Our goal is to create the first open access skin thermograms database, large enough to enable artificial intelligence analysis. Such a tool could be very useful for the quantification and potentially prediction of affected areas in different skin disease such as psoriasis and eczema.

Grantee: Emmanouil Chousakos, National and Kapodistrian University of Athens, Greece

Grant: 40,400 DKK

It is of the utmost importance for diagnosing melanoma on an early stage to identify high risk population groups, which will subsequently receive special screening and follow-up for their melanocytic lesions.

Managing patients with multiple naevi, including atypical mole syndrome patients, can be challenging for the clinicians, despite the introduction of dermoscopy, digital dermoscopy mapping and full body imaging in the everyday clinical practice.

The goal of this study is to prove the heritability of the dermoscopic pattern of melanocytic naevi. Evidence of a strong relation between the genome and the dermoscopic, hence histopathological image can be the fundament of a comparative approach among members of the same family in terms of evaluating their melanocytic lesions and their malignant potential. With this approach we will be able to establish a familial profile of the lesions.

Grantee: Daniela De Zio, Danish Cancer Society Research Center, Copenhagen, Denmark

Grant: 2,900,000 DKK

The survival rate of patients with advanced melanoma has improved in recent years due to the clinical application of immune checkpoint inhibitors, as well as kinase inhibitors in BRAF/RAS-mutated melanoma cases.

However, melanoma remains a fatal diagnosis as a consequence of emerging resistance mechanisms and the absence of reliable biomarkers that identify high-risk tumour subsets, therefore impacting the stratification of these subsets for novel adjuvant therapies.

In the search for novel oncosuppressors that are altered in melanoma, we have found a promising candidate in the protein called AMBRA1. AMBRA1 has a fundamental role in the positive regulation of autophagy – a process which can elicit both pro- and anti-tumorigenic roles. Additionally, AMBRA1 finely modulates other crucial oncogenic processes, such as cell proliferation, cell invasion, and cell death.

Our preliminary research in a mouse model of melanoma has proven Ambra1 to be a crucial oncosuppressor, whose expression has been found highly altered in a number of human melanoma cells. Thus, by applying melanoma cell and mouse models in combination with systems biology approaches and state-of-the-art technologies, we aim to decipher the response of Ambra1-deficient melanomas to the current therapies.

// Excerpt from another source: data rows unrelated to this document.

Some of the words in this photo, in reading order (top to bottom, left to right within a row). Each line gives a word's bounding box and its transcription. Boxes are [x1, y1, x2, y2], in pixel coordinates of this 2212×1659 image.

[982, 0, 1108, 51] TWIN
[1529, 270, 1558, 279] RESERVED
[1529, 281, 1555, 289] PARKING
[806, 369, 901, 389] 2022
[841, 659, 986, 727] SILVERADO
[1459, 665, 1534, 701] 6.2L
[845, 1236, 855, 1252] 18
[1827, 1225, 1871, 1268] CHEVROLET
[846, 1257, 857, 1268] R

Moreover, we will investigate the role of Ambra1 in regulating lipid metabolism in melanoma, which has recently been shown to profoundly affect its progression. Additionally, our aim is to assess the prognostic relevance of AMBRA1 in human cohorts of melanoma patients and understand whether AMBRA1 expression correlates with disease progression and whether it influences treatment.

Outcomes from this project will pave the way for novel clinical insight into the prognosis and treatment of melanoma patients.

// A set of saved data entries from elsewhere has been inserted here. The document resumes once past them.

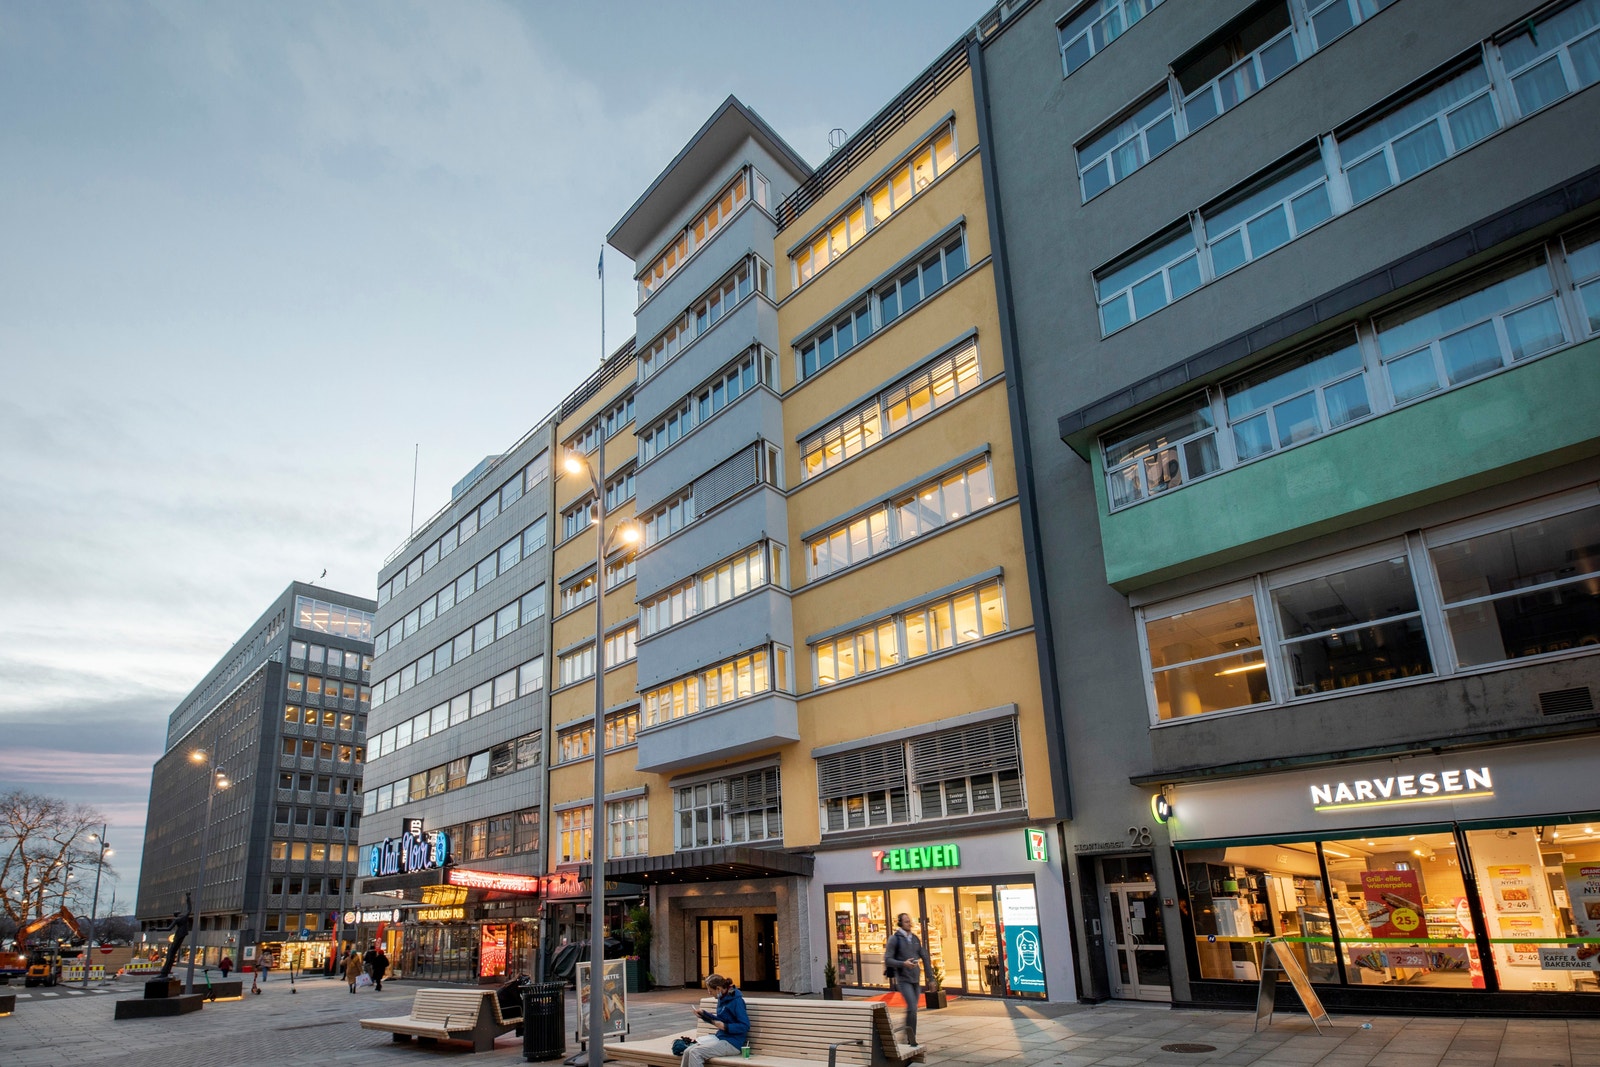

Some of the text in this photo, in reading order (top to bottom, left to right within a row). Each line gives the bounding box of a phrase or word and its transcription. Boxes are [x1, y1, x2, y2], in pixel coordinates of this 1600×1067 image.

[1310, 767, 1493, 804] NARVESEN
[1159, 802, 1168, 815] N
[1128, 826, 1152, 847] 28
[380, 837, 399, 875] Chat
[403, 832, 432, 872] Noir
[362, 912, 380, 922] BURGER
[380, 911, 392, 921] KING
[418, 908, 464, 920] THE OLD IRISH PUB
[1396, 956, 1402, 964] 2

This project is co-supported by a Young Investigator award from the Melanoma Research Alliance (MRA) in the USA of 224,500 USD (https://www.curemelanoma.org/research/grants/).

Grantee: Mikkel Bohm, ASTRA, Sorø, Denmark

Grant: 6,000,000 DKK

Science is a powerful tool to understand and change the world for the better. The national Centre for Learning in Science, Technology and Health in Denmark – Astra* – wants to strengthen and develop science learning to train a new generation of young people with strong science competencies. It is important for the future of Denmark and our role in a globalized world.

One of Astra*’s activities is Unge Forskere (Young Scientists) which is Denmark’s largest talent competition for children from Danish elementary schools and high schools within STEM (Science, Technology, Engineering, and Mathematics).

The Unge Forskere-competition contributes to both talent development through participation in the competition, and it strengthens the work with innovation, idea development and the natural science method in daily teaching. It is a program that focuses both on the most talented young people, and generally strengthens the natural science identity and general science education among children and young people in Denmark.